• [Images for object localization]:
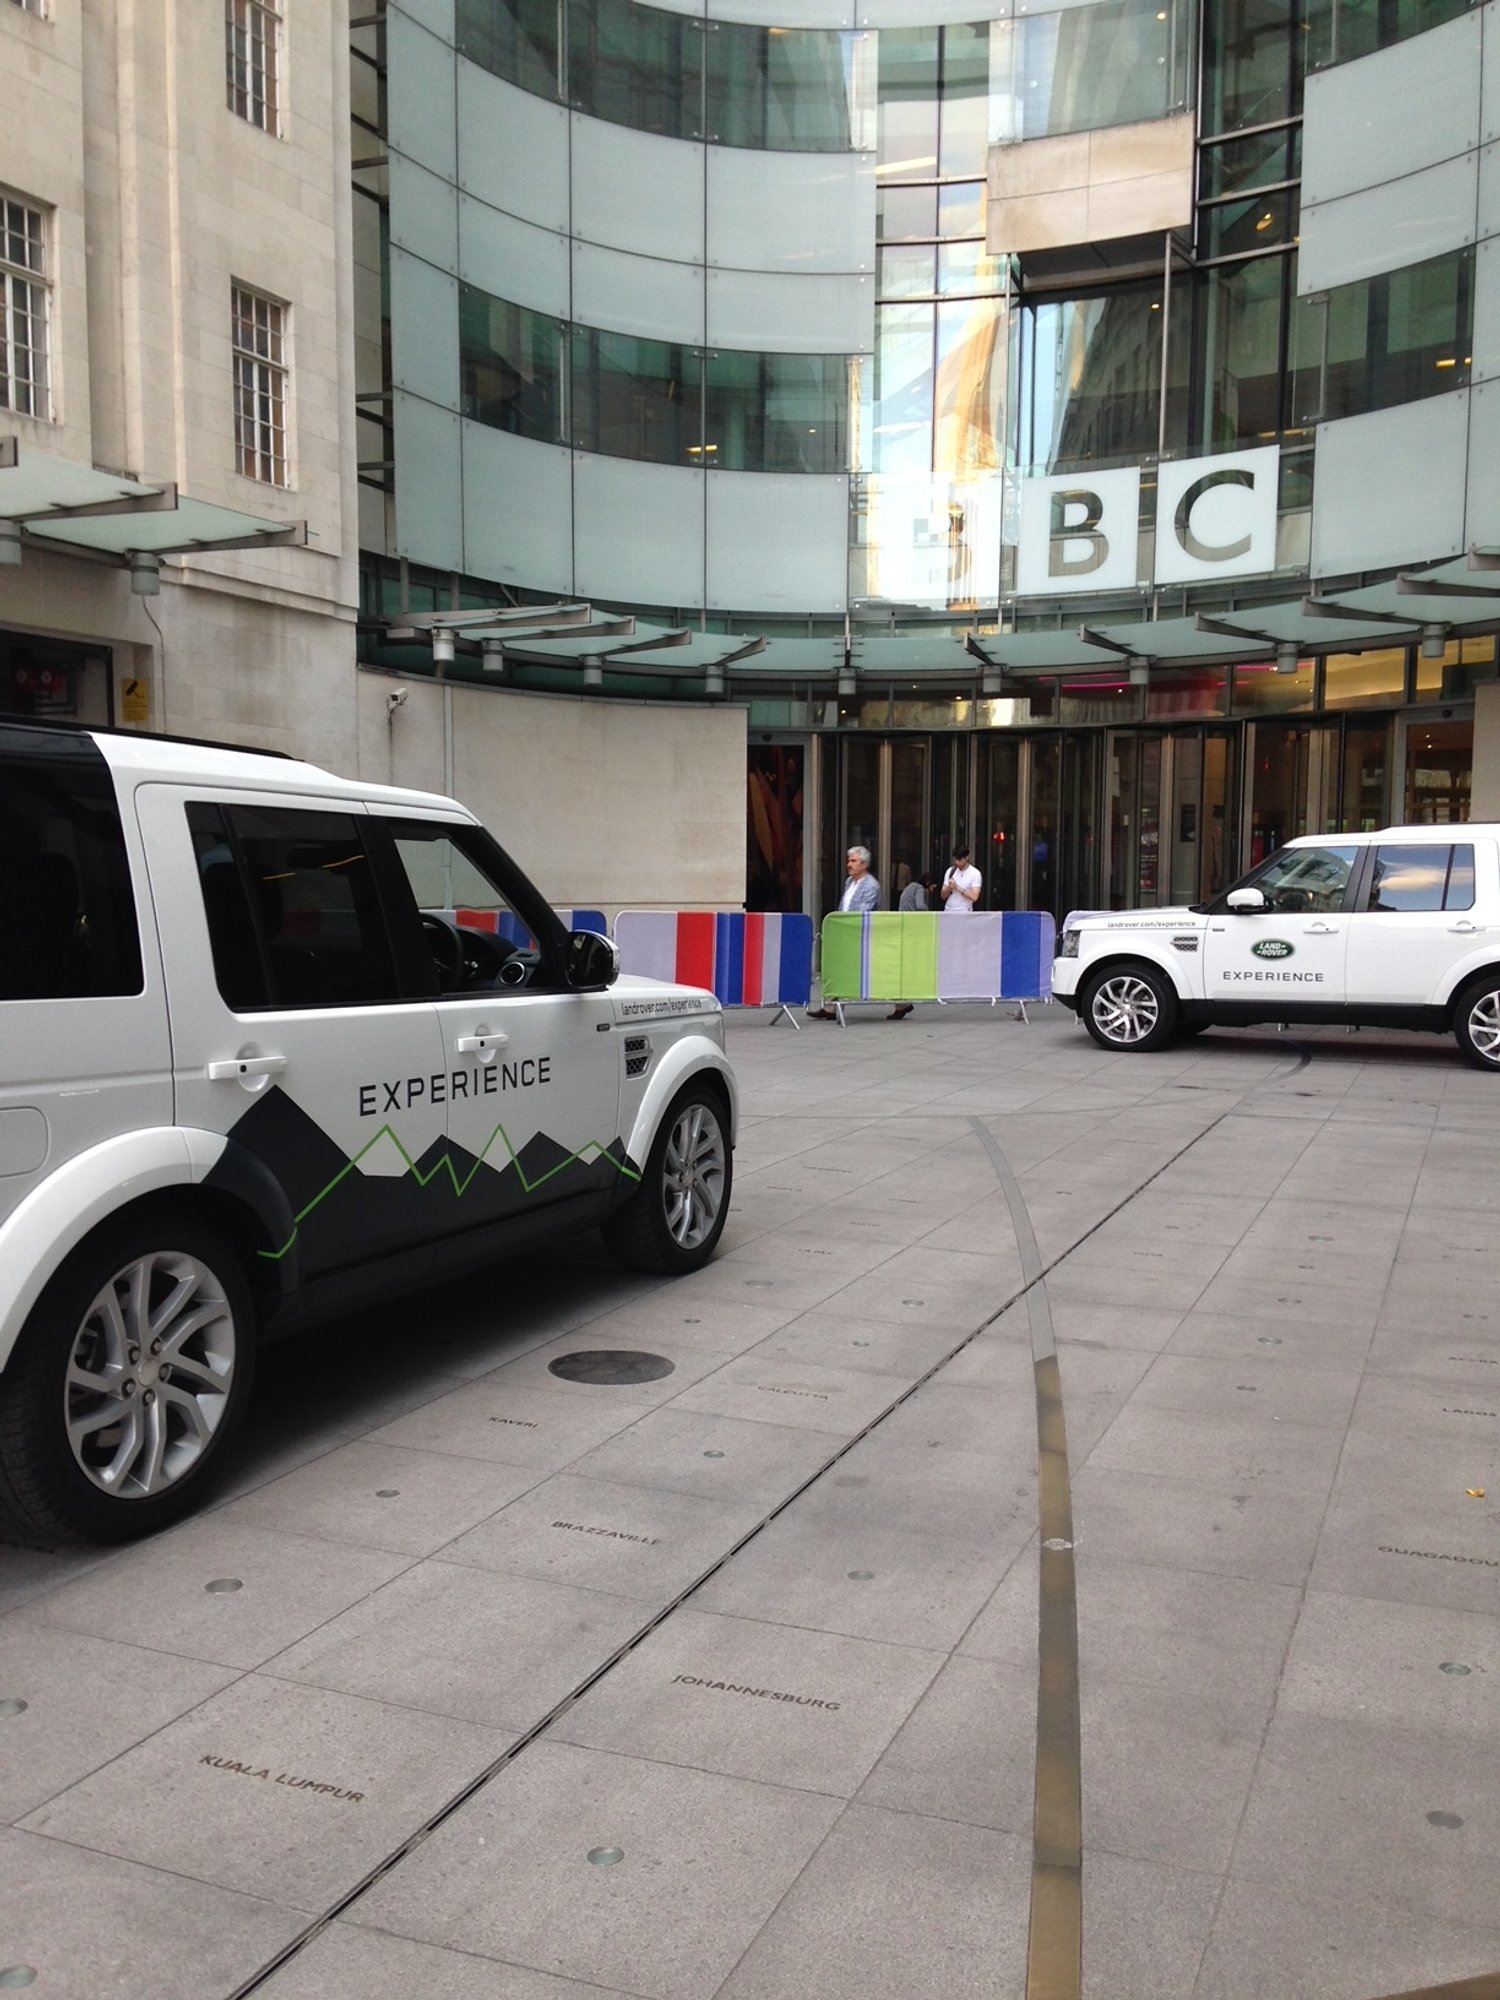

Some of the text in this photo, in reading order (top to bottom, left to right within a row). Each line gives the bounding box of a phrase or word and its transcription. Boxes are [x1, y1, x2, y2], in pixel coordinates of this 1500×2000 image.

[1223, 971, 1324, 982] EXPERIENCE
[359, 1057, 551, 1117] EXPERIENCE
[671, 1674, 842, 1711] JOHANNESBURG
[199, 1754, 365, 1803] KUALA LUMPUR

• [EXERCISE PROMPT]:
Please output every entry above exactly, without the pictures.

• [RESPONSE TO THIS EXERCISE]:
Some of the text in this photo, in reading order (top to bottom, left to right within a row). Each line gives the bounding box of a phrase or word and its transcription. Boxes are [x1, y1, x2, y2], in pixel coordinates of this 1500×2000 image.

[1223, 971, 1324, 982] EXPERIENCE
[359, 1057, 551, 1117] EXPERIENCE
[671, 1674, 842, 1711] JOHANNESBURG
[199, 1754, 365, 1803] KUALA LUMPUR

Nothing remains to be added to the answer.